I enjoy concerts and hearing choirs sing. There is something special about when a group of people come together and blend their voices to produce a beautiful song.

Recently, MOJAX developers purchased land in St. Louis to build 30 new houses. This is a move that has been vehemently opposed by the community, as there are concerns with the water supply and drilling new wells. This proposed development would also alter the slow, village-like pace of St. Louis. Many residents moved to this community to escape the hustle and bustle of the urban life, and now it seems like the urban life is attempting to move to the village.

As these events unfold, the real question is, well, what should we do? And what can we do? As the pastor of Mt. Zion Baptist Church in St. Louis, our church is affected because many of the proposed new houses will be built near the church, so that is my stake in this game. I have learned from experience to win any engagement there has to be a strategy, and this brings me to the subject of “one voice.”

To be sure, there are angry and concerned community leaders and residents. There are politicians who have promised to help us fight the development, but there has been “radio silence” since this “promise.”

As pastor of an African American Baptist church, I sought to enlist the ear and support of several established churches in the area. When churches can unify in the community – both in prayer and focus – change can occur. How wrong I was to expect other churches in the area to unite or even meet to discuss ways as a community of believers we could together at a minimum pray about this urban encroachment. Maybe the color of my skin is still a barrier to simple dialogue and prayer between churches? One voice is impossible when even believers can’t get together to talk.

My intent is not to bash local churches; my intent is to lament any show of support for activity that is happening right in our back yards. The Bible talks about going to Judea, Samaria and then the other parts of the earth. Right now, the St. Louis and Middleburg area is our Judea.

Finally, political voice. We elected leaders recently to advocate for us. It's time to blow the trumpet for a call to action. Our agenda will not become their agenda until we keep sounding the alarm.

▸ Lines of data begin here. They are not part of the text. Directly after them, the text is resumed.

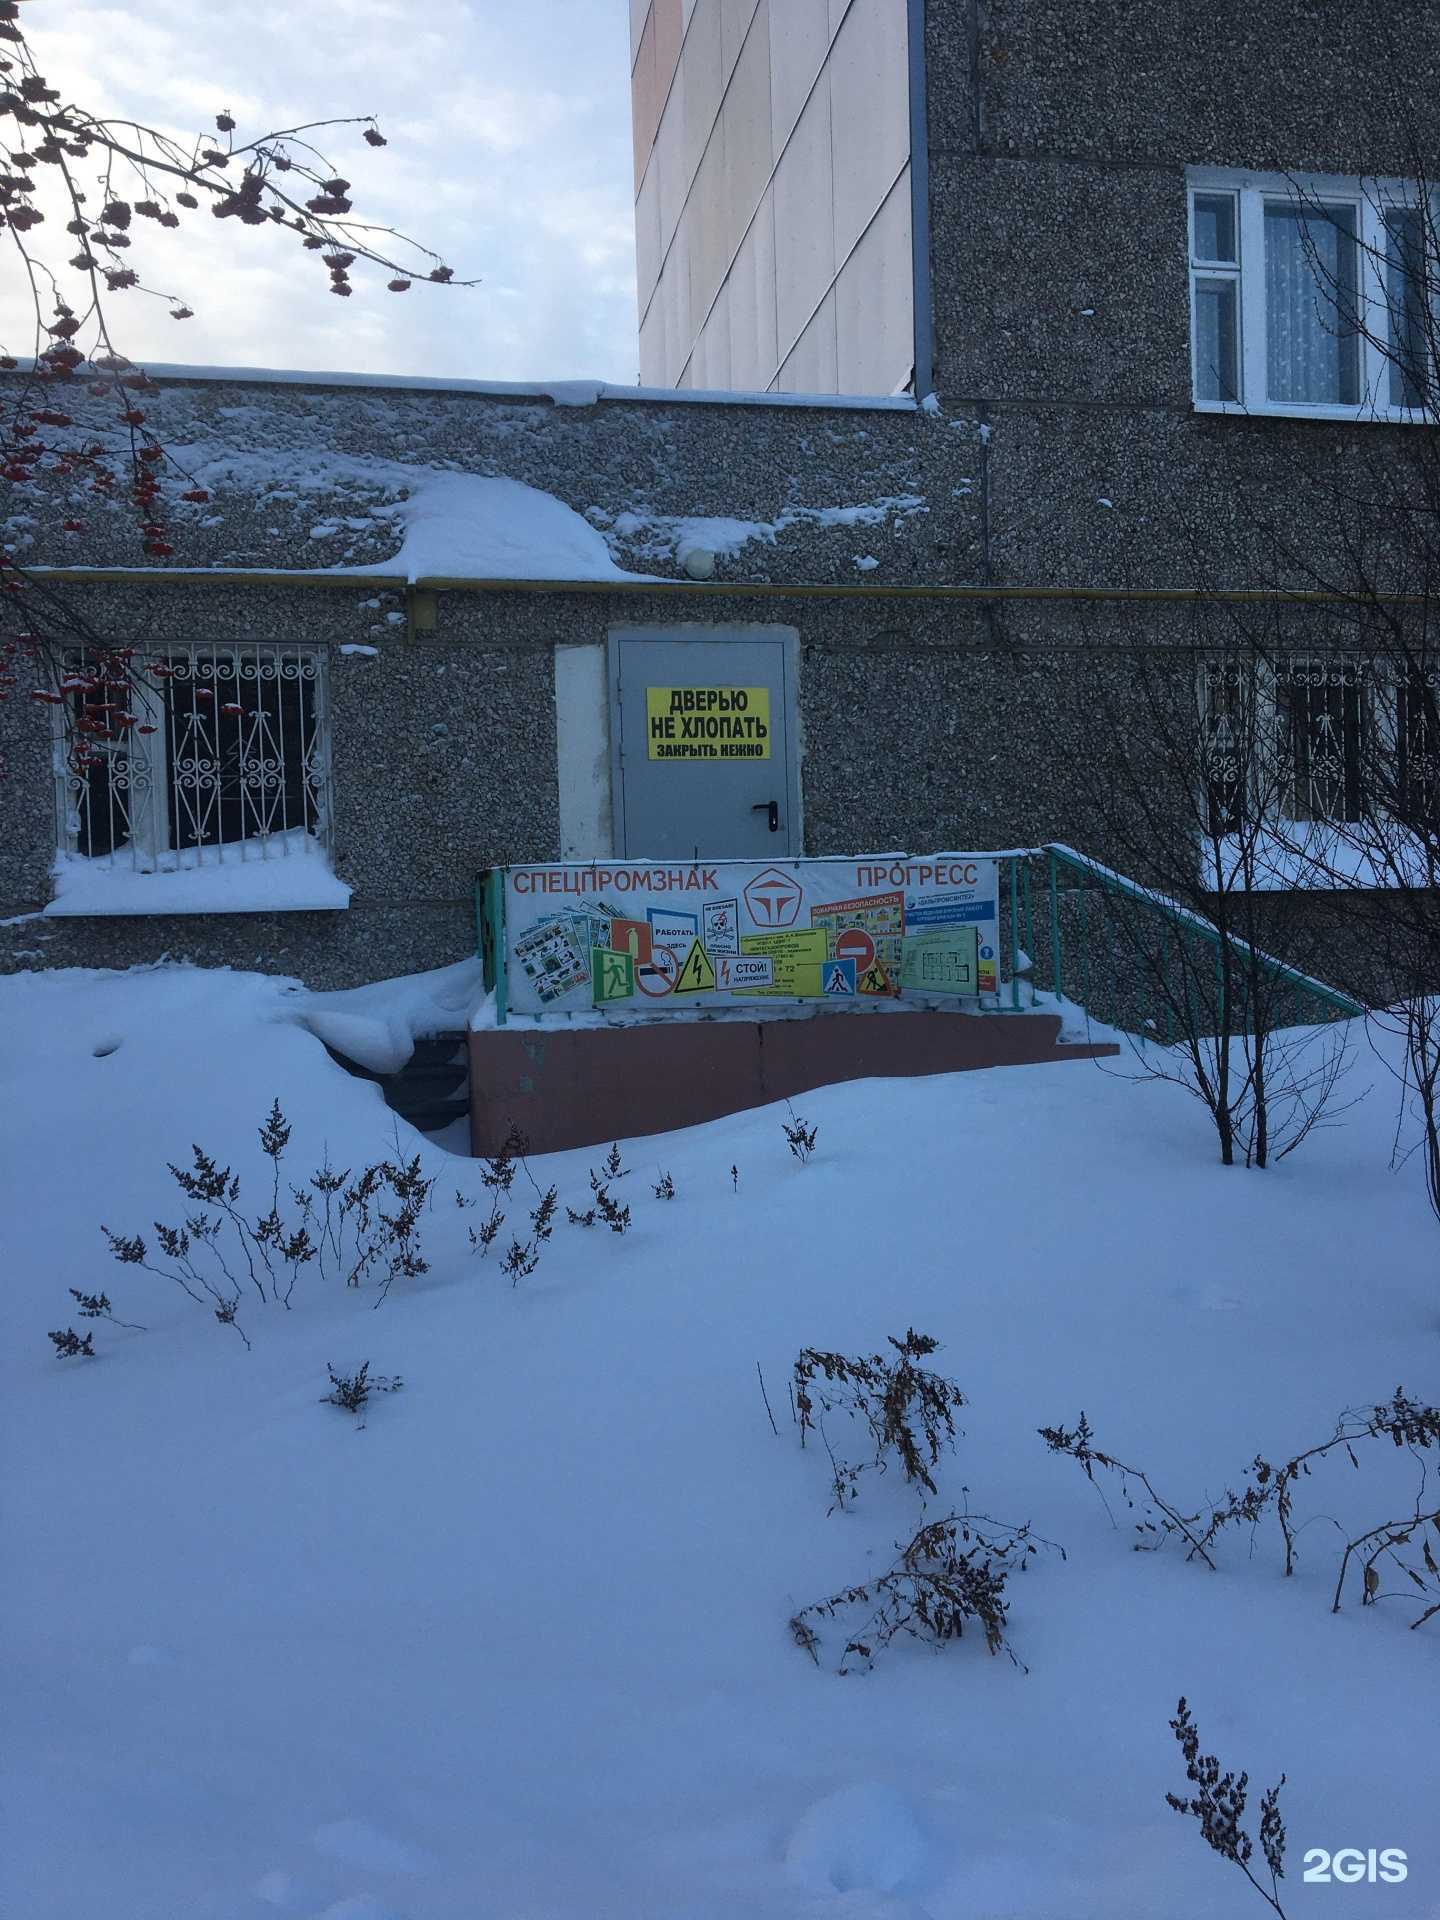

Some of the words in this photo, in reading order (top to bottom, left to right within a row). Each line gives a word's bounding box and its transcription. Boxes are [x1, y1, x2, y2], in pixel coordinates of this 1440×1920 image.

[669, 690, 748, 715] ДВЕРЬЮ
[651, 717, 675, 738] НЕ
[681, 717, 768, 739] ХЛОПАТЬ
[657, 744, 717, 757] ЗАКРЫТЬ
[720, 743, 763, 757] НЕЖНО
[513, 869, 719, 897] СПЕЦПРОМЗНАК
[857, 863, 978, 887] ПРОГРЕСС
[843, 896, 899, 910] БЕЗОПАСНОСТЬ
[655, 928, 694, 936] РАБОТАТЬ
[736, 961, 767, 974] СТОЙ!
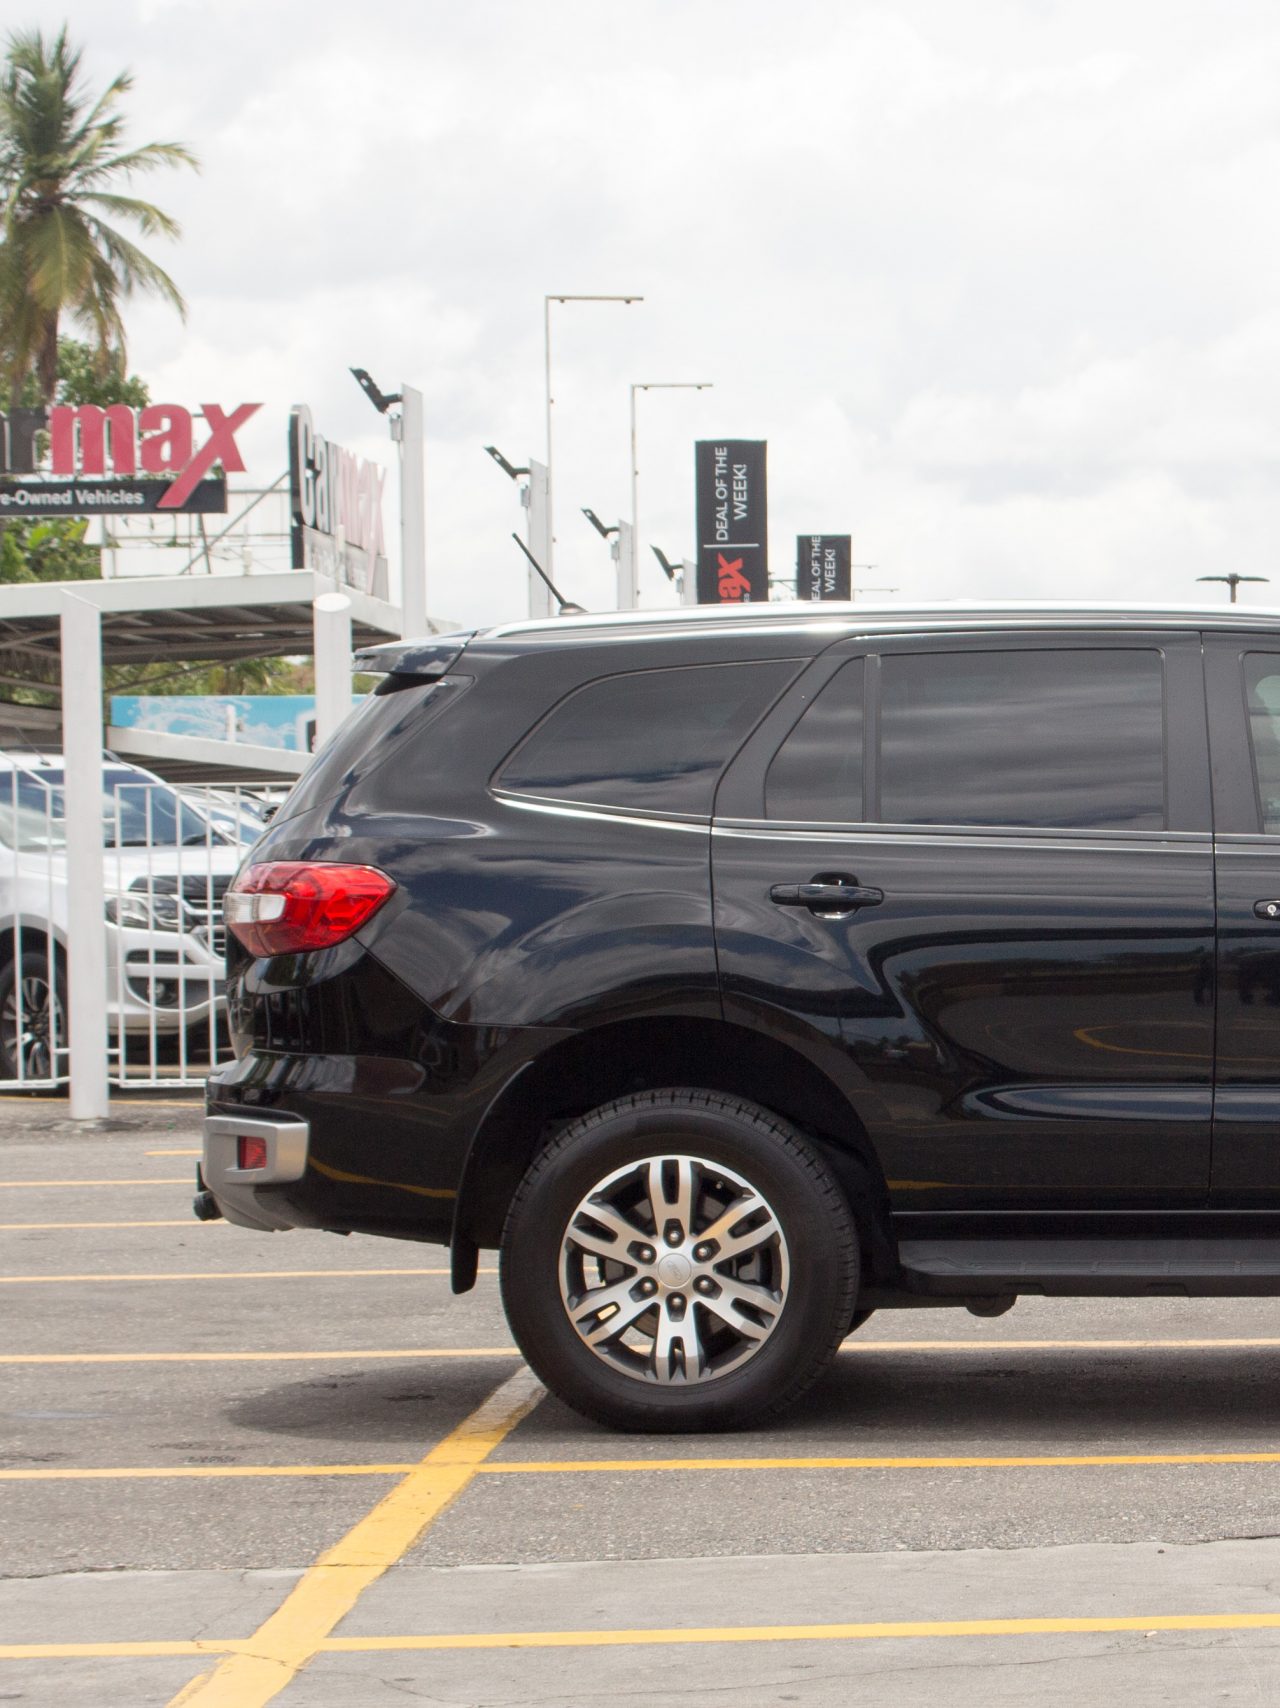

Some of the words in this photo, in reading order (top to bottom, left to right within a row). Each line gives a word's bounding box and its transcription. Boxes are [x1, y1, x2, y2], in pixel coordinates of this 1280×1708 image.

[0, 403, 264, 508] rmax
[714, 446, 728, 478] THE
[74, 489, 145, 506] Vehicles
[715, 479, 728, 500] OF
[732, 463, 748, 521] WEEK!
[715, 502, 729, 541] DEAL
[811, 535, 821, 558] THE
[718, 552, 751, 604] ax
[811, 559, 821, 577] OF
[824, 548, 836, 593] WEEK!
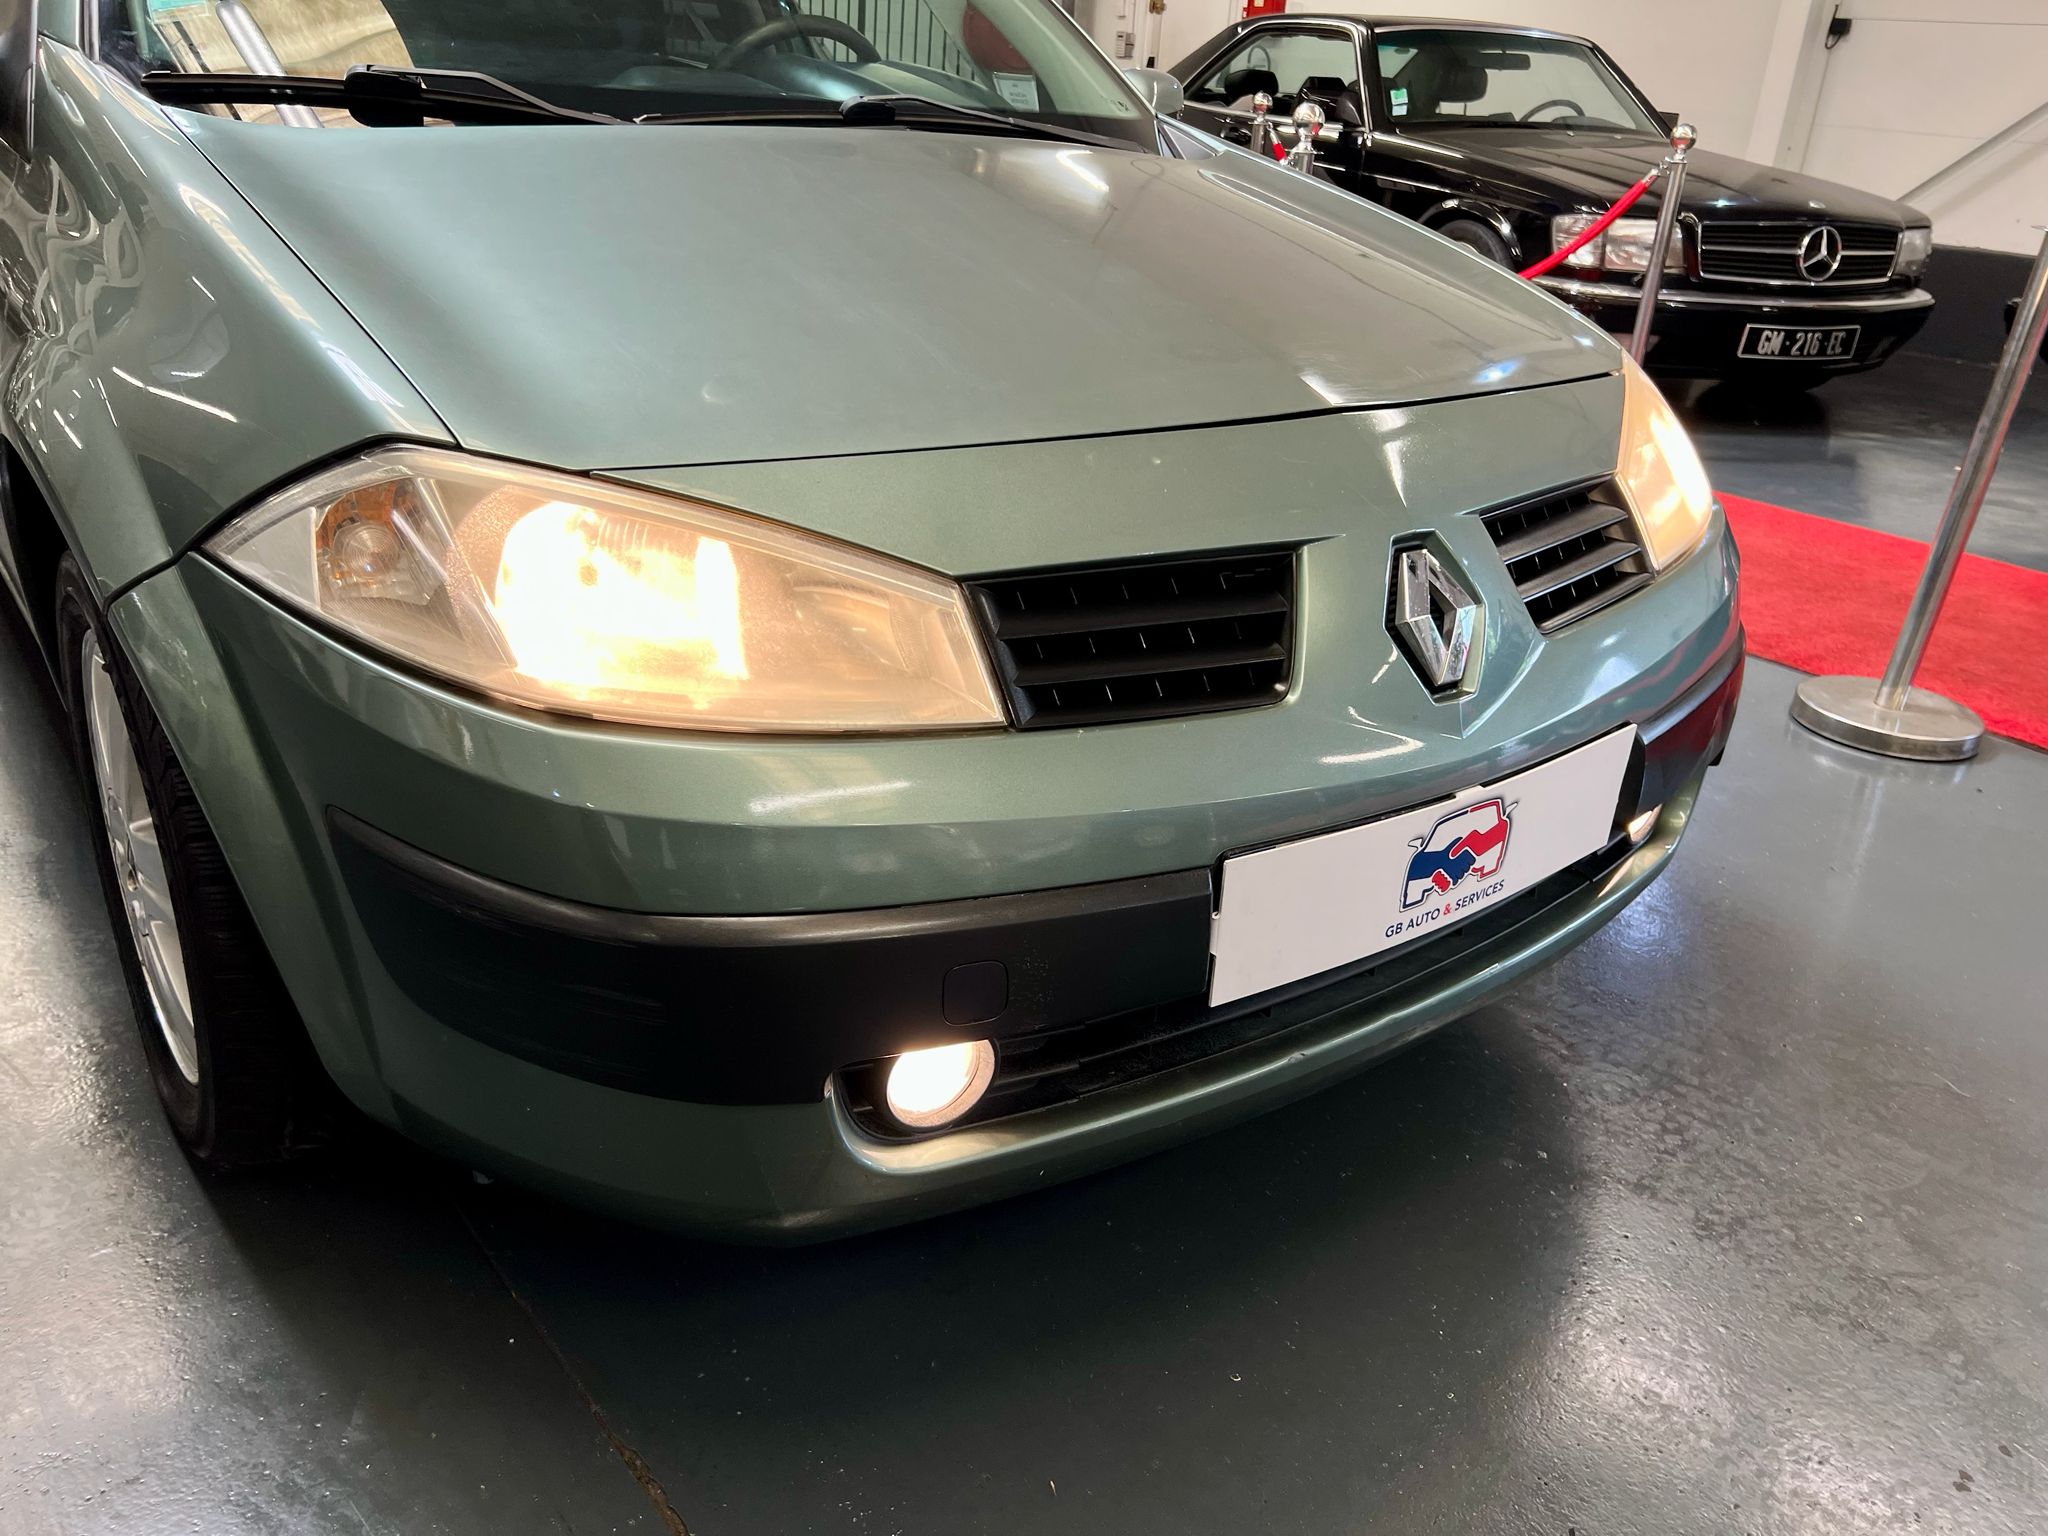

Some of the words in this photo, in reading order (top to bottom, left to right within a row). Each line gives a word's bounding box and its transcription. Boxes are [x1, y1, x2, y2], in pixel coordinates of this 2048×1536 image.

[1385, 922, 1403, 938] GB
[1405, 908, 1441, 931] AUTO
[1443, 903, 1452, 916] &
[1454, 879, 1505, 912] SERVICES

Which brings me back to one voice. If churches and elected leaders would come together and listen to each other’s needs and concerns maybe more can happen than just a meeting. We may not stop development in our community, but I am still old fashioned enough to believe the power of unified corporate prayer. I still believe elected leaders work for the people. My call is to come together, practice together and lift one voice to say we oppose this rapid development in our community.

Charles Thompson

Mt. Zion Baptist Church

St. Louis

(3) comments


Pastor, you are wrong about racism and you need to quit with the race card. Your problem is that area pastors and their so called flock have lost sight of Christ. I would bet that most do not know that you must be born again to enter the kingdom of heaven or know what it means. We should not judge but we should discern, but from pastors I have met few meet the Biblical definition of Christian, and it's sad. They are like the Thomas Jefferson Bible (Smithsonian), cut that which he did't agree and added that which he liked better. Of course he was a deist and not Christian.


The only comment he made regarding race was 'Maybe the color of my skin is still a barrier", Maybe is judging? Unless you have walked in the shoes of a person of color and experienced the bias you should not judge why they think that 'might' be a reason . People who aren't Christian should not have to take an oath on something they don't believe in.

Chris McHale

Pastor - you say your intent is not to bash others but you imply they may be racist. Seems conflicted.